_Instructions for the task_
Reproduce all of the data exactly. Images are not to appear in the reply.
──────────────────────────────
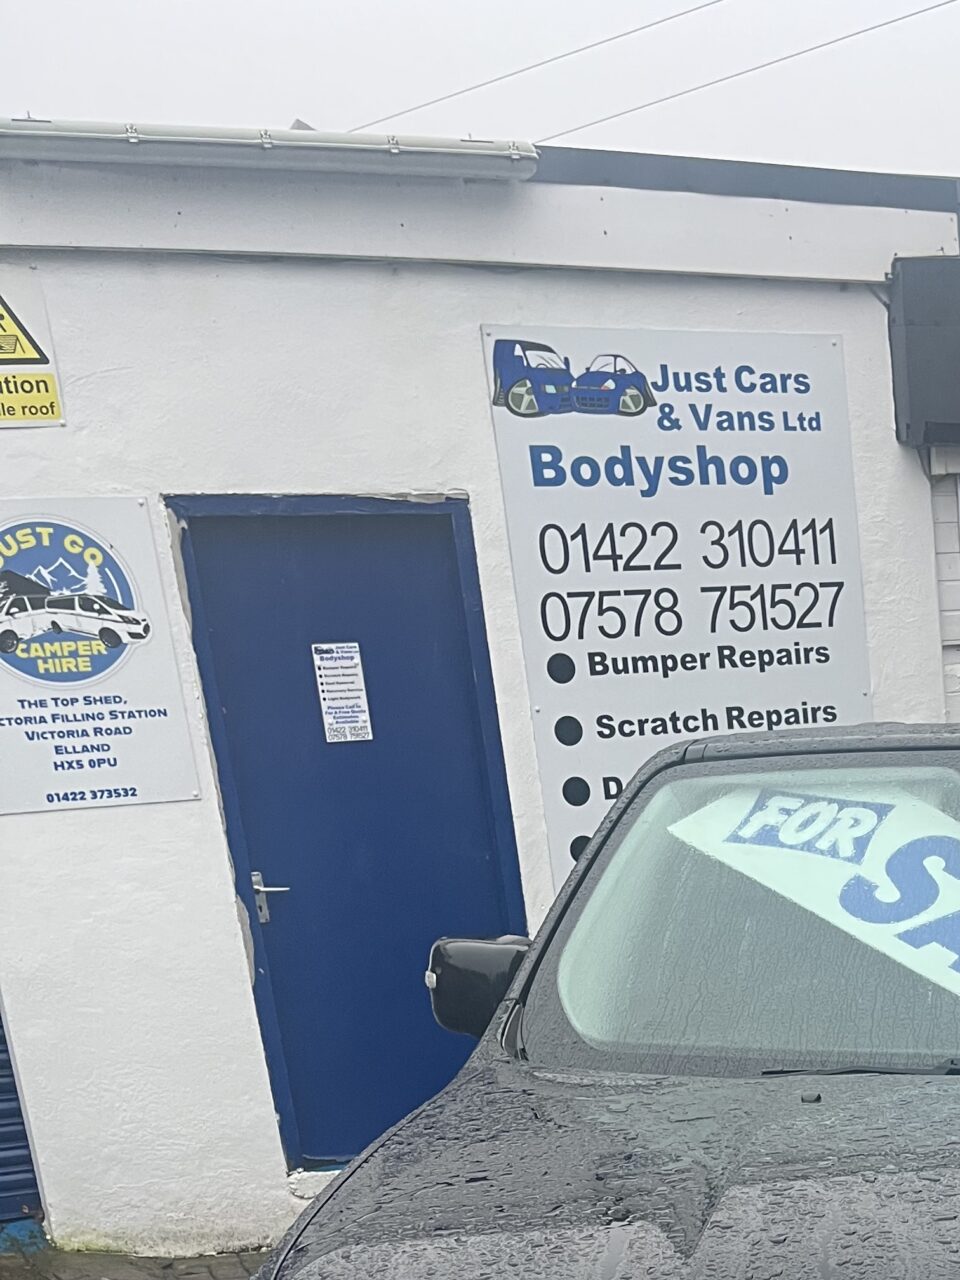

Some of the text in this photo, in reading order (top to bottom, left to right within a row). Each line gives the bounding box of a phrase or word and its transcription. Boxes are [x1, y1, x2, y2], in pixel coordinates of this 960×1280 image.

[0, 375, 49, 394] tion
[651, 364, 811, 394] Just Cars
[0, 401, 56, 416] le roof
[657, 403, 822, 432] & Vans Ltd
[528, 445, 789, 498] Bodyshop
[0, 527, 104, 569] UST GO
[538, 517, 837, 575] 01422 310411
[540, 581, 844, 642] 07578 751527
[16, 640, 108, 658] CAMPER
[37, 657, 92, 673] HIRE
[587, 641, 831, 678] Bumper Repairs
[17, 695, 128, 709] THE TOP SHED,
[51, 712, 105, 724] FILLING
[109, 708, 168, 720] STATION
[596, 701, 838, 739] Scratch Repairs
[25, 726, 133, 741] VICTORIA ROAD
[54, 743, 111, 755] ELLAND
[53, 759, 84, 771] HX5
[46, 787, 138, 803] 01422 373532
[738, 795, 878, 858] FOR
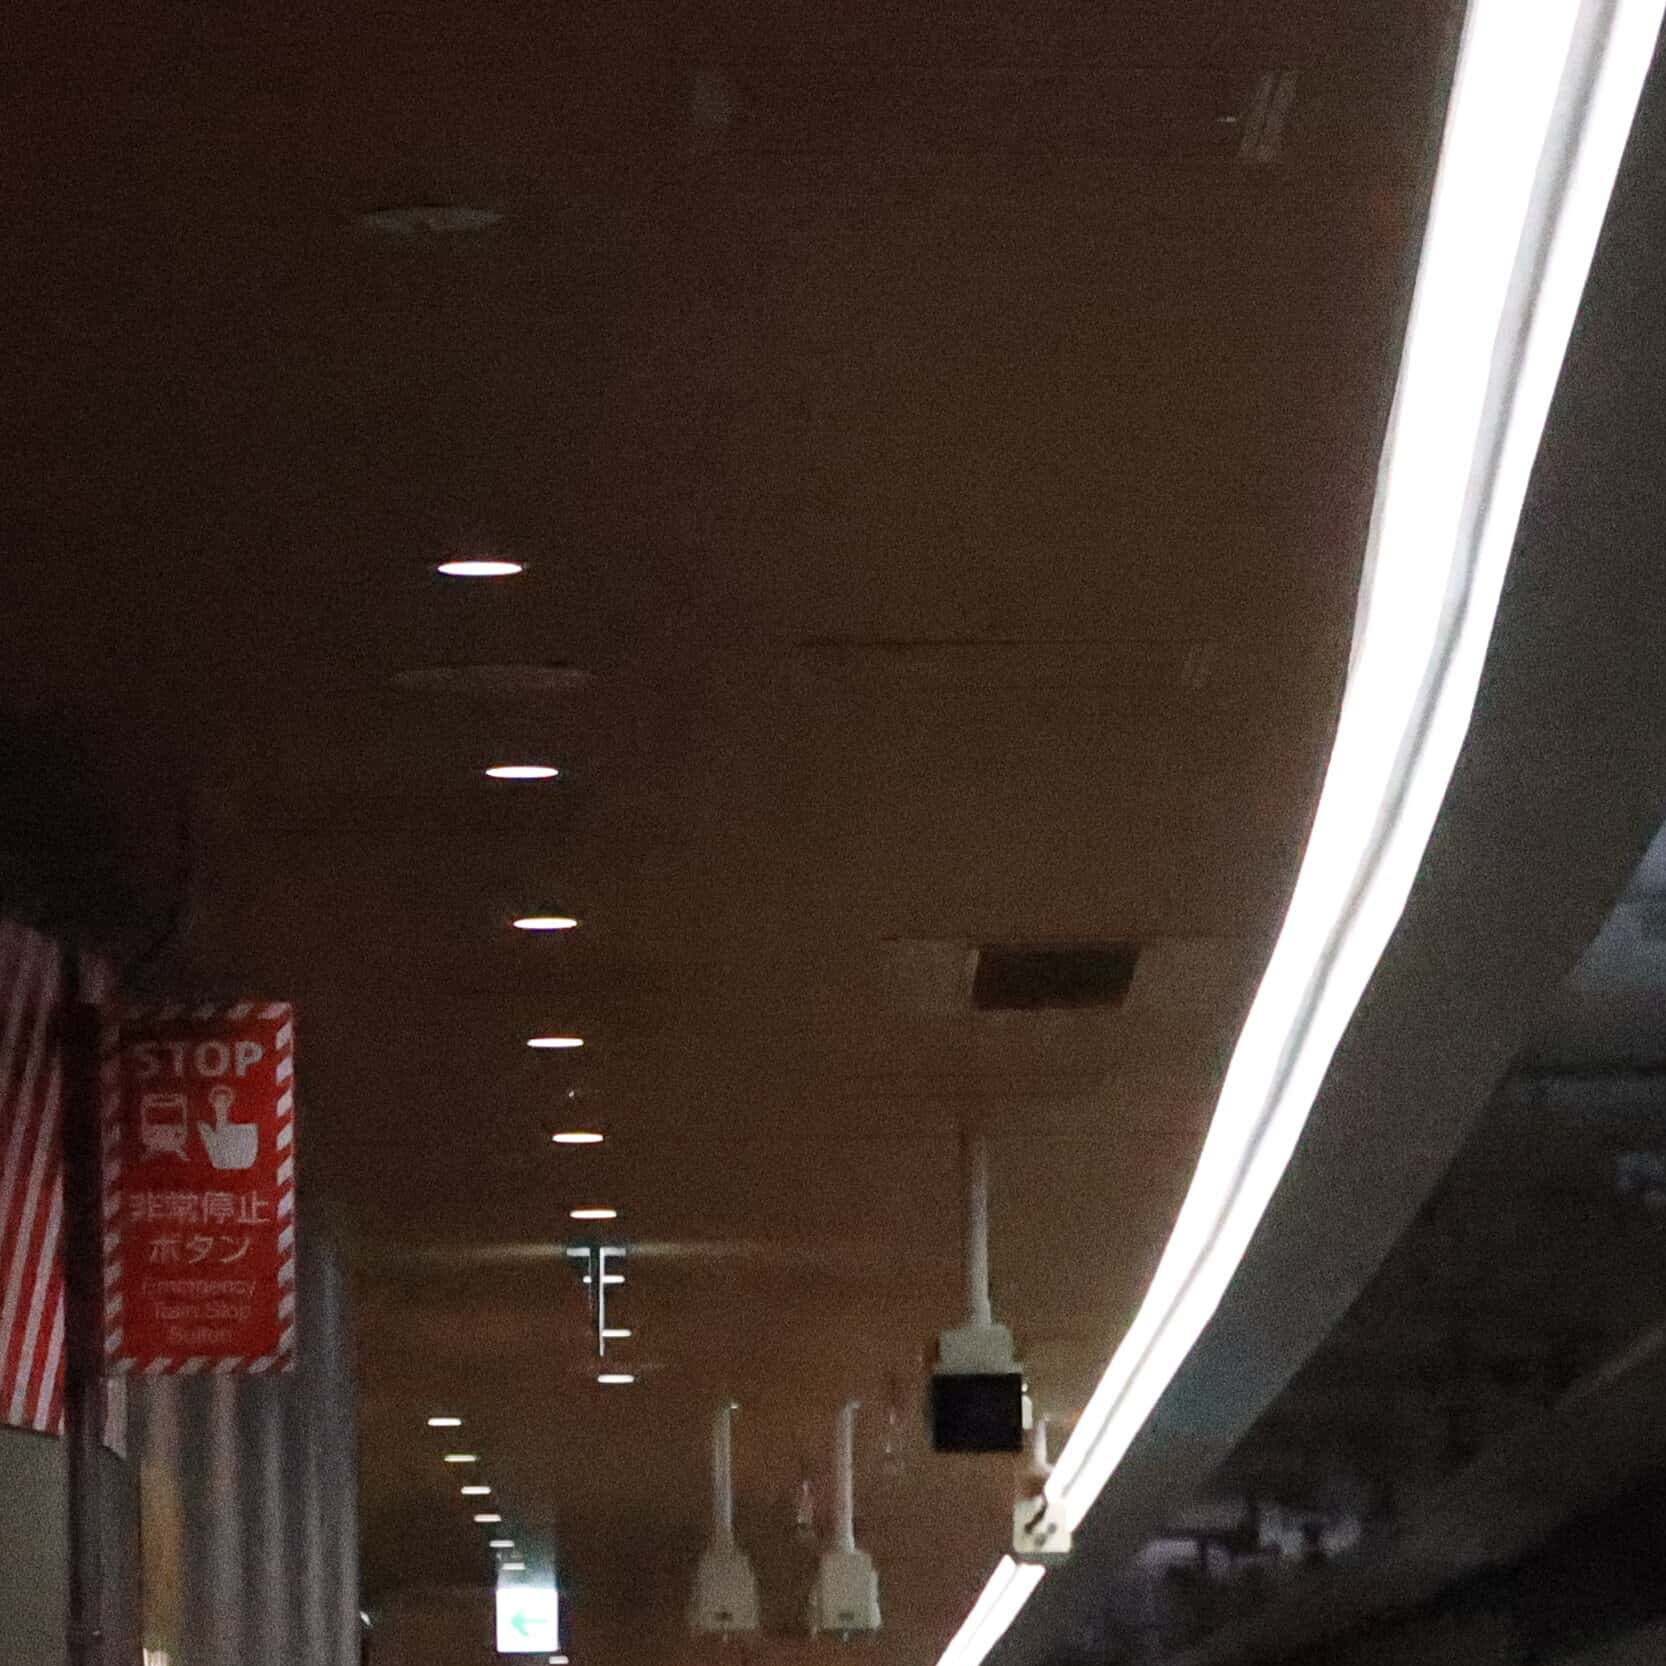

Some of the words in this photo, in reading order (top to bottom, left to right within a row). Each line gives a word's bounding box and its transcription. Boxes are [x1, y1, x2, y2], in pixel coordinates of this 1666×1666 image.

[134, 1040, 264, 1078] STOP
[129, 1190, 271, 1225] 非常停止
[150, 1233, 252, 1264] ボタン
──────────────────────────────
_Answer for the task_
Some of the text in this photo, in reading order (top to bottom, left to right within a row). Each line gives the bounding box of a phrase or word and its transcription. Boxes are [x1, y1, x2, y2], in pixel coordinates of this 960×1280 image.

[0, 375, 49, 394] tion
[651, 364, 811, 394] Just Cars
[0, 401, 56, 416] le roof
[657, 403, 822, 432] & Vans Ltd
[528, 445, 789, 498] Bodyshop
[0, 527, 104, 569] UST GO
[538, 517, 837, 575] 01422 310411
[540, 581, 844, 642] 07578 751527
[16, 640, 108, 658] CAMPER
[37, 657, 92, 673] HIRE
[587, 641, 831, 678] Bumper Repairs
[17, 695, 128, 709] THE TOP SHED,
[51, 712, 105, 724] FILLING
[109, 708, 168, 720] STATION
[596, 701, 838, 739] Scratch Repairs
[25, 726, 133, 741] VICTORIA ROAD
[54, 743, 111, 755] ELLAND
[53, 759, 84, 771] HX5
[46, 787, 138, 803] 01422 373532
[738, 795, 878, 858] FOR

Some of the words in this photo, in reading order (top to bottom, left to right within a row). Each line gives a word's bounding box and its transcription. Boxes are [x1, y1, x2, y2], in pixel coordinates of this 1666×1666 image.

[134, 1040, 264, 1078] STOP
[129, 1190, 271, 1225] 非常停止
[150, 1233, 252, 1264] ボタン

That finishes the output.